Please restate all of the records word for word, setting the pictures aside.
- Opening Delimiter -
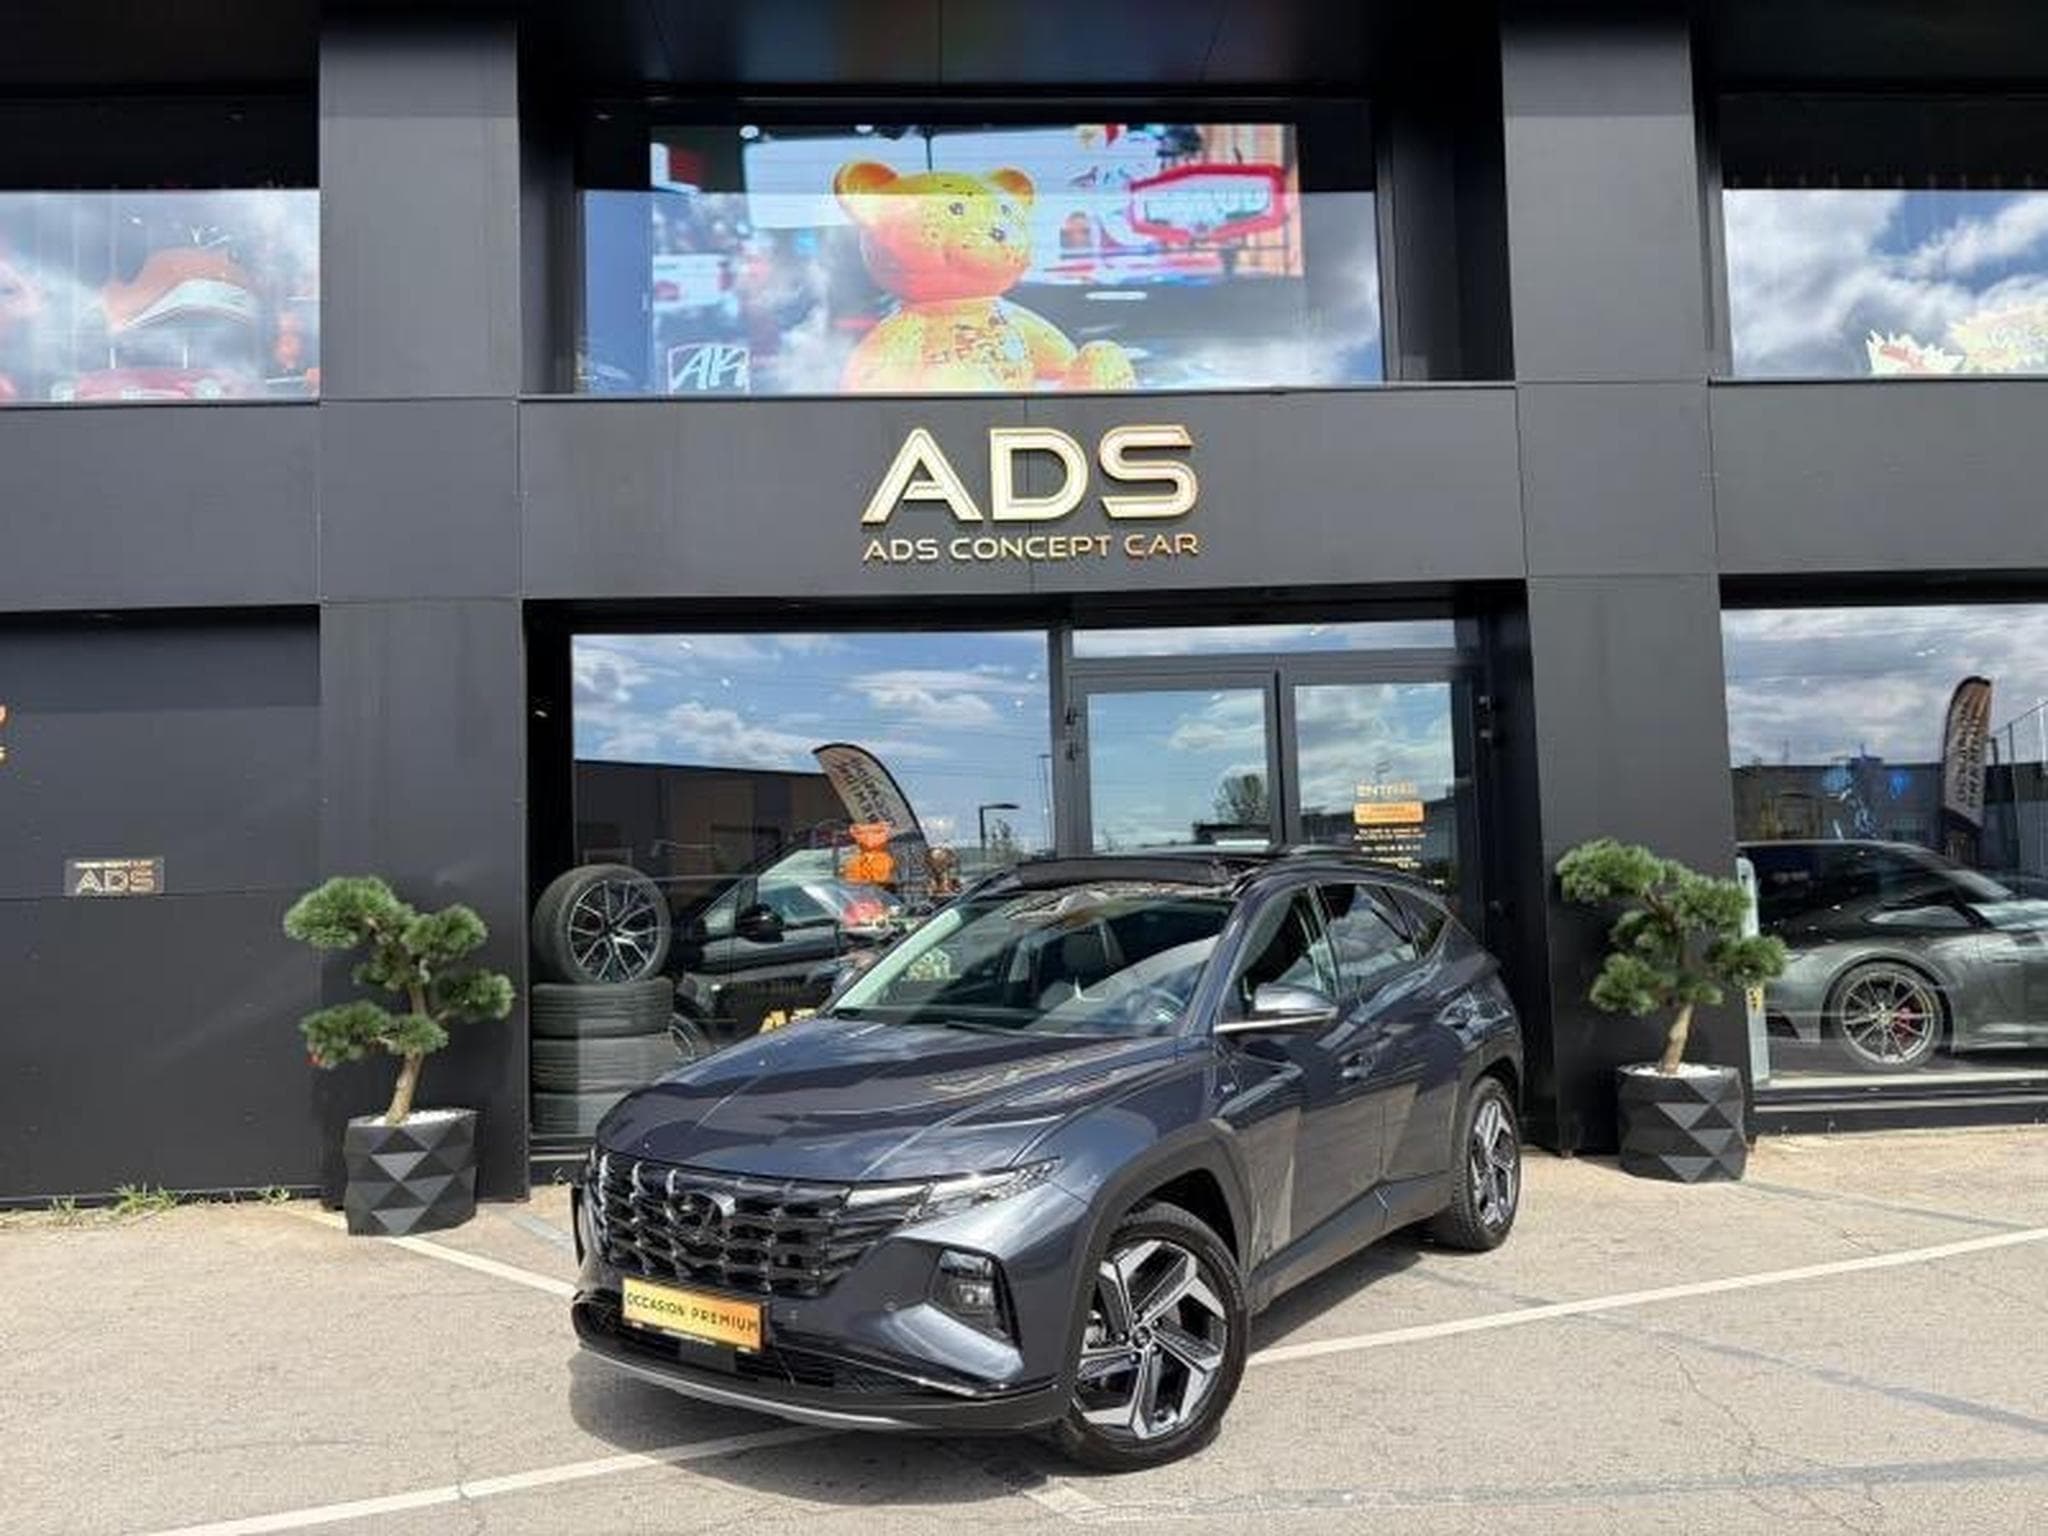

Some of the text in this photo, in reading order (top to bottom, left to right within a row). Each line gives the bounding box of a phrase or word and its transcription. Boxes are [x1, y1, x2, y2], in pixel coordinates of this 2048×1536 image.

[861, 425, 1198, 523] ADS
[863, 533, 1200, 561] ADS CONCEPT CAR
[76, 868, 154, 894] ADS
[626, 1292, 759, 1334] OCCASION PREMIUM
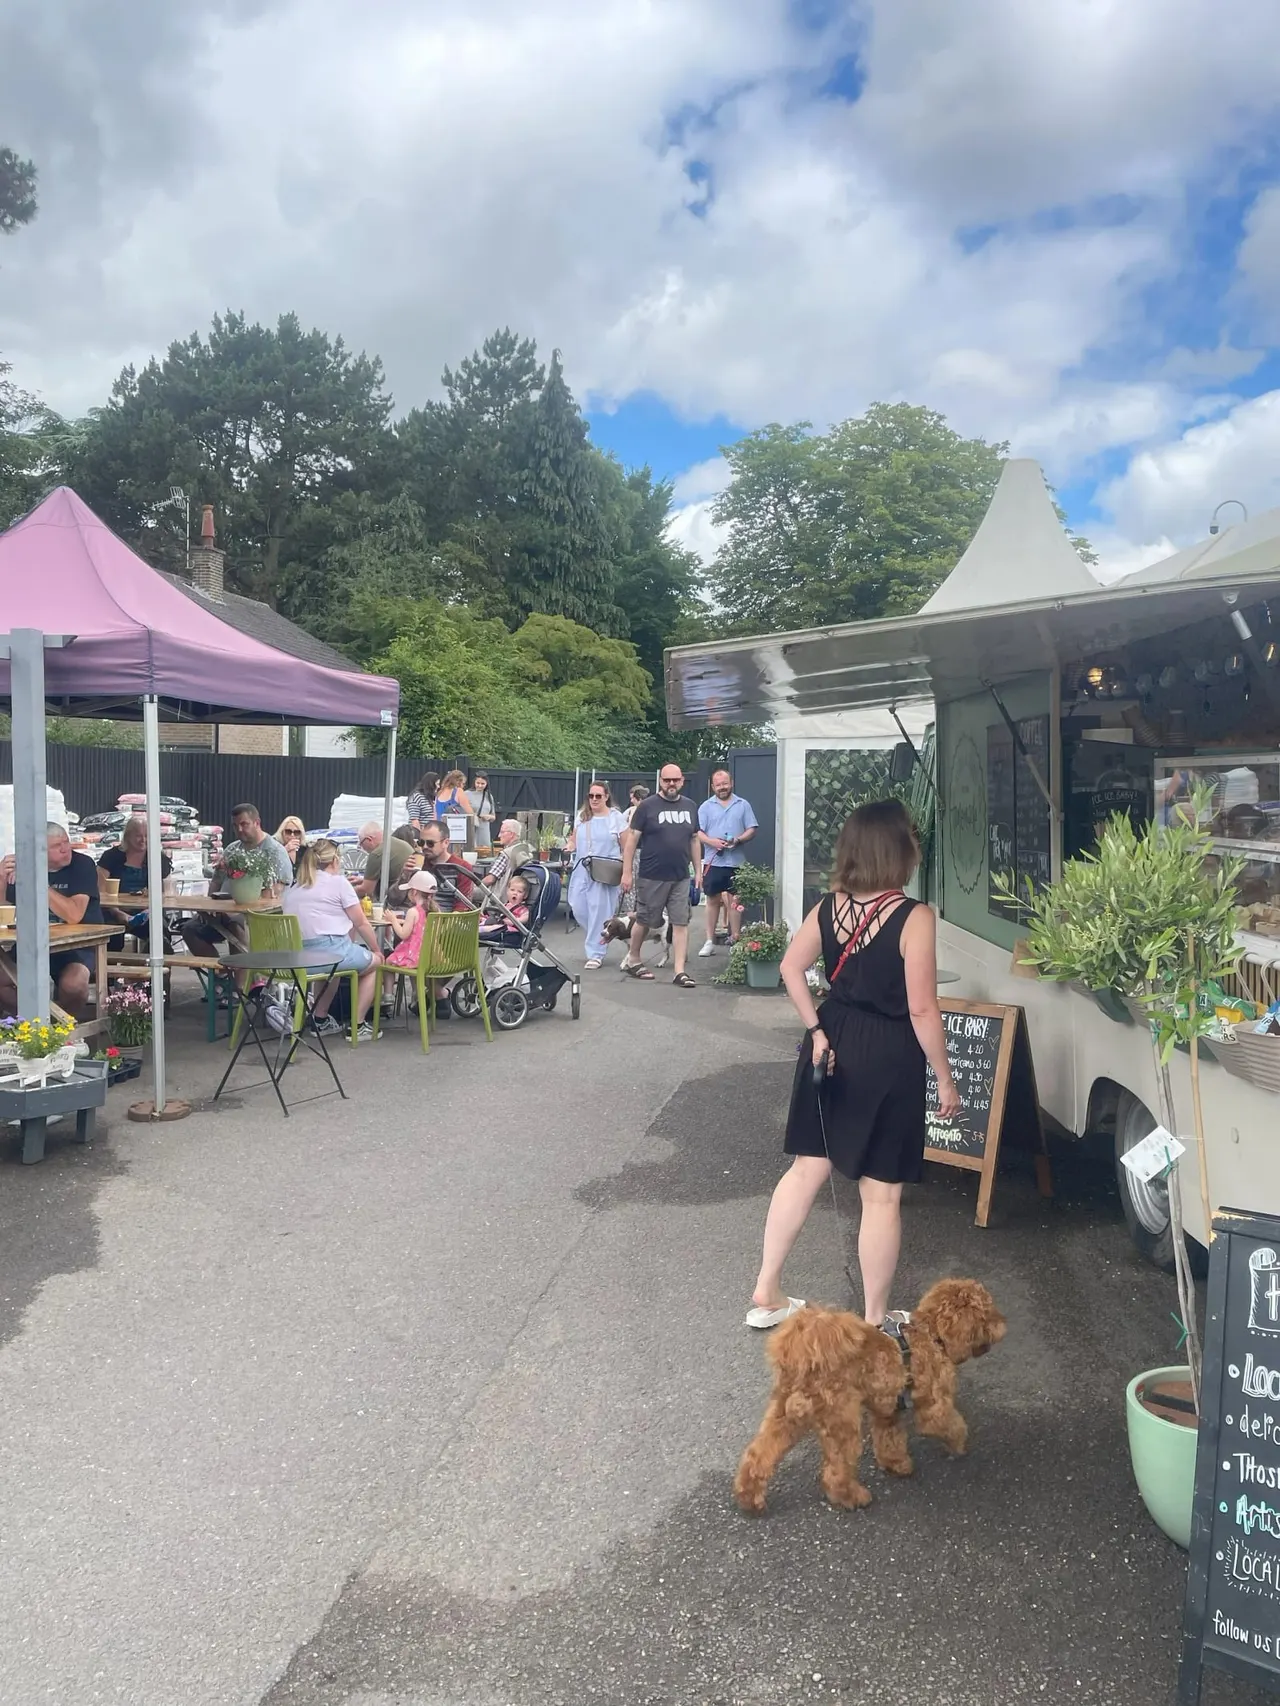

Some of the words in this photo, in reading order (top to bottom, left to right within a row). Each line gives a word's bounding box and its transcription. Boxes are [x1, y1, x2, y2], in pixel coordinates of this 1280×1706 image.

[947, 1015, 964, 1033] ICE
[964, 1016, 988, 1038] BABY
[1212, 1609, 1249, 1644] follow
- Closing Delimiter -
Exercise solution
Some of the text in this photo, in reading order (top to bottom, left to right within a row). Each line gives the bounding box of a phrase or word and its transcription. Boxes are [x1, y1, x2, y2], in pixel coordinates of this 2048×1536 image.

[861, 425, 1198, 523] ADS
[863, 533, 1200, 561] ADS CONCEPT CAR
[76, 868, 154, 894] ADS
[626, 1292, 759, 1334] OCCASION PREMIUM

Some of the words in this photo, in reading order (top to bottom, left to right within a row). Each line gives a word's bounding box and its transcription. Boxes are [x1, y1, x2, y2], in pixel coordinates of this 1280×1706 image.

[947, 1015, 964, 1033] ICE
[964, 1016, 988, 1038] BABY
[1212, 1609, 1249, 1644] follow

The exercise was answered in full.